The first is through FlexTrade’s API. Our proprietary API provides traders with a sophisticated way to efficiently push and pull data from the marketplace using a variety of languages (Python, C#, C++, Java, .Net). The API allows traders the choice to use FlexTrade algos and/or design their own. The second method is basket trading. We have several traders taking advantage of our vega trader, using it to route a strip of volatility orders to buy/sell a predetermined amount of vega with the click of a button. The third tool is FlexTrade’s Flex AlgoWheel.
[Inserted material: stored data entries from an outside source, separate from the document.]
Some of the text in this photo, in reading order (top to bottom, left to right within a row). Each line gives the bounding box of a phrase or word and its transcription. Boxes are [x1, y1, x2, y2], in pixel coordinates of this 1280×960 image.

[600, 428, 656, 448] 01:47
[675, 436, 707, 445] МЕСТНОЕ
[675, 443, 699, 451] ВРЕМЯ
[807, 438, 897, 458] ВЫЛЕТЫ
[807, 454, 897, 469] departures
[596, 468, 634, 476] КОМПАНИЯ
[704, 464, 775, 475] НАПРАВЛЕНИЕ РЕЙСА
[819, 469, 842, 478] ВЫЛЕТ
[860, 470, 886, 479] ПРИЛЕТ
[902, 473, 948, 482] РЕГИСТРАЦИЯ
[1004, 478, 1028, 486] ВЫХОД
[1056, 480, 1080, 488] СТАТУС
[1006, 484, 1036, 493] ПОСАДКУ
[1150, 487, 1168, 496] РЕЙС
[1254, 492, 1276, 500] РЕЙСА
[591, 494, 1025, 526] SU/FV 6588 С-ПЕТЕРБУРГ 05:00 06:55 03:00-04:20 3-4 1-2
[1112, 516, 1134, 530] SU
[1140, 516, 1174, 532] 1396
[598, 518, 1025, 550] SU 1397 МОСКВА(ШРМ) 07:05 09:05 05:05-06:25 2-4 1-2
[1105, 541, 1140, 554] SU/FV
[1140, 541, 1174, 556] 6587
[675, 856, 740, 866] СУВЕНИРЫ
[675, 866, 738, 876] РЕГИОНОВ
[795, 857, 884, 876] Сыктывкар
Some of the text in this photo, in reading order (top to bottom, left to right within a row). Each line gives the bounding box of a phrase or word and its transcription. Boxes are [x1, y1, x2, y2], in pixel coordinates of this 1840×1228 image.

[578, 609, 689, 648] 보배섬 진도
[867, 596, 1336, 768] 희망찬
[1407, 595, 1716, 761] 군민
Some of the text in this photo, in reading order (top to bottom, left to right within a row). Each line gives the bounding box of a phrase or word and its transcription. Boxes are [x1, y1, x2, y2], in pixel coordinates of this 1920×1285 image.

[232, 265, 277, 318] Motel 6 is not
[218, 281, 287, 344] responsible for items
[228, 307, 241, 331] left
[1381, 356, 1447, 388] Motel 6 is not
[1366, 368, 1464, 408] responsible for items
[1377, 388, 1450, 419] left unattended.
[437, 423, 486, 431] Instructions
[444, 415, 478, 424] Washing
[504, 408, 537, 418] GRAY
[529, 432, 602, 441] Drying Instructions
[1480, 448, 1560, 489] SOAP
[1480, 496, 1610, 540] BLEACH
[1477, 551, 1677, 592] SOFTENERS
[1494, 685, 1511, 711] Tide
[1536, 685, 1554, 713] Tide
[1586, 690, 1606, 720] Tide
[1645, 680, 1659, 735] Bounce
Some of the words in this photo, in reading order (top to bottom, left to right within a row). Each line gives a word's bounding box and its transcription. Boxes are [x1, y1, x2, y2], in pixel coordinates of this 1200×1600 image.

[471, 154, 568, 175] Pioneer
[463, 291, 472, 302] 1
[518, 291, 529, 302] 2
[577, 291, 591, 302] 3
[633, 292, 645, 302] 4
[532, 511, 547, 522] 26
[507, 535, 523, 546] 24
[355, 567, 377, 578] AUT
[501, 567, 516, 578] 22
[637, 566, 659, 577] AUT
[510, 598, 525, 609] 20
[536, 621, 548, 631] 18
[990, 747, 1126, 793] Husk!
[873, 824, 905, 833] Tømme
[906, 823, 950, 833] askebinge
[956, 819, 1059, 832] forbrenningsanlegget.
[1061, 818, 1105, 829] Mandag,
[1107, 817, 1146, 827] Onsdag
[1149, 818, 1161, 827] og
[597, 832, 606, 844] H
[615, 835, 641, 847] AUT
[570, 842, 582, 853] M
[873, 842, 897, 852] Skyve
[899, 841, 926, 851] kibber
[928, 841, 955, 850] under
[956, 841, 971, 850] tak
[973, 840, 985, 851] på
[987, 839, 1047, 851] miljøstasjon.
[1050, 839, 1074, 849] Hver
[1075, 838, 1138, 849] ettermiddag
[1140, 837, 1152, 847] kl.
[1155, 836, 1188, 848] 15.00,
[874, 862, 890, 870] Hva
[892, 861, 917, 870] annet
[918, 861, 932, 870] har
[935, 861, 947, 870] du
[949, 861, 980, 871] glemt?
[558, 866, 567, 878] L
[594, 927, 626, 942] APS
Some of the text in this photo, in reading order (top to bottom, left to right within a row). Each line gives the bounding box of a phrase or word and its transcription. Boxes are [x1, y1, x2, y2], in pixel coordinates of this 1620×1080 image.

It allows traders to route option contracts using rules based on characteristics such as liquidity, volatility or volume traded.
According to a summary of a recent Burton-Taylor research report, the volatility landscape is set to see rapid growth in 2020 as rising customer demand is attracting the attention of global banks, market makers and derivatives exchanges. Are you seeing demand for volatility products from your clients and what types of tools does FlexTrade offer in this space?
I agree with the report and believe the COVID-19 virus has made the need to evaluate volatility risk as well as trade that volatility even more important. Given that options are priced based on their volatility, traders need real-time implied vol calculations when the market is moving so quickly. FlexTrade is well positioned to not only manage the risk exposure with its dynamic implied volatility calculations and portfolio-management tools but also enables traders to execute volatility with the use of proprietary and broker algorithms. FlexTrade provides traders a choice when trading volatility. Traders can enter a volatility and have that order dynamically adjust their real-time theoretical value calculations based on a propriety pricing model. Alternatively, traders can enter stock/option reference prices along with a delta and gamma to dynamically adjust the order limit. No matter the trader’s choice, both algos allow for an underlying hedge, based on a live delta calculation to be sent as soon as the option order is executed. With the focus on monitoring risk in portfolios becoming more important, traders will require these capabilities especially as more sophisticated options traders enter the volatility space in 2020.